Vite di uomini non illustri, l'ultimo libro di
Giuseppe Pontiggia, è sul mercato solo da un paio di settimane e già ha
raccolto una cospicua messe di consensi critici. E' facile prevedere che i dati
dalle vendite non saranno da meno: l'autore è noto anche come personaggio
pubblico, il titolo accattivante, i temi sembrano fatti apposta per soddisfare
la sete endemica di "normalità" che la declinante religione della
fama e il ribrezzo per i nostri uomini illustri non possono che suscitare. Non manca
nulla insomma perché si riproduca il miracolo del bestseller di qualità, per
dirla con Giancarlo Ferretti, così come non manca nulla per destare più di un
sospetto nei soliti maligni. E' quindi meglio sgombrare subito il campo da
possibili equivoci: quanto ha ricevuto e riceverà, il libro se lo merita tutto.
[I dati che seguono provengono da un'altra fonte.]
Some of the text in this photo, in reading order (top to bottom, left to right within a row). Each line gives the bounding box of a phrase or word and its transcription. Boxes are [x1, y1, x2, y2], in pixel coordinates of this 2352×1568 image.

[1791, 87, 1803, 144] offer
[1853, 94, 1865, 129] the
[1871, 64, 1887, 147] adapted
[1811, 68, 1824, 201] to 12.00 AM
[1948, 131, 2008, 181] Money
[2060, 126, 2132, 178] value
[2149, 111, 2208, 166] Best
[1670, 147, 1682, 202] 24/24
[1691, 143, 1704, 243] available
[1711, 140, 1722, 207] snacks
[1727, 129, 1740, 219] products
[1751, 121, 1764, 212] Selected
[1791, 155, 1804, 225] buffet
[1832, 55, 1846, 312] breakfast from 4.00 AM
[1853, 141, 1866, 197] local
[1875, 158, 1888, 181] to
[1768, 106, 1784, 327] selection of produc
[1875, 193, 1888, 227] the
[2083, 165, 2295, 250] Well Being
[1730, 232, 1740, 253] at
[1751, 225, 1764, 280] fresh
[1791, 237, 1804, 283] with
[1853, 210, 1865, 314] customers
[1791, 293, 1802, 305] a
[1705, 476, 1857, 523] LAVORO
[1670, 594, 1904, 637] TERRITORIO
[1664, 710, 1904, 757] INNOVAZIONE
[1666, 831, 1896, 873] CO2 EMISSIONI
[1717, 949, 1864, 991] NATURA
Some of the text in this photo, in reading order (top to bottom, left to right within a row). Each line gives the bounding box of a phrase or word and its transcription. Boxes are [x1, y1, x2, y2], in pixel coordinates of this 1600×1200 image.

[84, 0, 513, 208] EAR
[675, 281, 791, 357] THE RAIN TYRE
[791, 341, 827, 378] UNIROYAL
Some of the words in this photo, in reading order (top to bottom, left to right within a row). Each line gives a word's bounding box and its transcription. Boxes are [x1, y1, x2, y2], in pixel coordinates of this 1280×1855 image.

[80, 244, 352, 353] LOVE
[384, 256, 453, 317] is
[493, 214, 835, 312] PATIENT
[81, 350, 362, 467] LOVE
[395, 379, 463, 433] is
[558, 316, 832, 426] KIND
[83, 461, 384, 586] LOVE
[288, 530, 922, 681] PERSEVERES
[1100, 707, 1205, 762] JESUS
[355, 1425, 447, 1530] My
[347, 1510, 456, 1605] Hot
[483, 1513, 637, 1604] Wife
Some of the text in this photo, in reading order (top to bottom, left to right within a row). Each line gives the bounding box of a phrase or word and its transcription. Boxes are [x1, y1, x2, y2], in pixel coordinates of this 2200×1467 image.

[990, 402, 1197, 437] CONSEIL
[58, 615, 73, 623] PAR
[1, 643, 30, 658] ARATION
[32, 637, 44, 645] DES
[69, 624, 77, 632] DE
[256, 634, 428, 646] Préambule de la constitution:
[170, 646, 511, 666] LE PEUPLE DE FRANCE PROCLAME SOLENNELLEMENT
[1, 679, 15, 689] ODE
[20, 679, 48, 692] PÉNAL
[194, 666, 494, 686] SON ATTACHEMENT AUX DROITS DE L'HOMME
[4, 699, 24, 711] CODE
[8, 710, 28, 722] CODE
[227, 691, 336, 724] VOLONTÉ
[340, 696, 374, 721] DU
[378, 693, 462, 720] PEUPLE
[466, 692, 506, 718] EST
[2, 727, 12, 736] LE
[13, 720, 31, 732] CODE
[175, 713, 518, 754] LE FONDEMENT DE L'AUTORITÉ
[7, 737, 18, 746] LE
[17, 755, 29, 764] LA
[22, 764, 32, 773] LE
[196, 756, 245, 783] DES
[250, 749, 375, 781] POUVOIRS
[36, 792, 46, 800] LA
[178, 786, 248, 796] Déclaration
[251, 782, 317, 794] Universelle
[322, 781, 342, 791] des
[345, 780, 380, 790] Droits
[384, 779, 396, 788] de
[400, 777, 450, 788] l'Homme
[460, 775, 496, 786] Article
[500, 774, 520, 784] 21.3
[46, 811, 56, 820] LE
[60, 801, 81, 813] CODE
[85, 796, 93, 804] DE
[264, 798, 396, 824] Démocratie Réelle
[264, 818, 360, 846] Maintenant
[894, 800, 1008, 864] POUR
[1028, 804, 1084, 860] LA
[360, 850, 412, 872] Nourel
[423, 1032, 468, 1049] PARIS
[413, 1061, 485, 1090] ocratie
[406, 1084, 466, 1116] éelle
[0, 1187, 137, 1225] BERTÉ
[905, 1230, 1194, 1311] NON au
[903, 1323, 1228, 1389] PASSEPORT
Pontiggia infatti si guarda bene dal cantare l'epopea della normalità,
quasi a nobilitarne lo squallore; fa anzi piazza pulita di ogni intento
polemico, etico o didascalico, affrontando il problema a partire dal campo che
più specificatamente compete allo scrittore, quello letterario. Ed è appunto in
questo che consiste la difficoltà maggiore, perché raccontare la vita di uomini
non illustri significa fare i conti con gran parte della tradizione romanzesca,
che da Don Chisciotte in qua in fondo non ha fatto altro. Solo che poi quasi
tutti i personaggi incappavano in fatti mirabolanti, ingerenze storiche,
disgrazie su disgrazie, metamorfosi e impedimenti insormontabili: più raramente
se ne parlava se la loro vita trascorreva nell'inesorabile quotidianità, a meno
che non fosse riscattata dall'amplificazione dell'analisi sociale o psicologica
o da esemplarità e risonanze mitiche che solo il romanzo poteva dispiegare.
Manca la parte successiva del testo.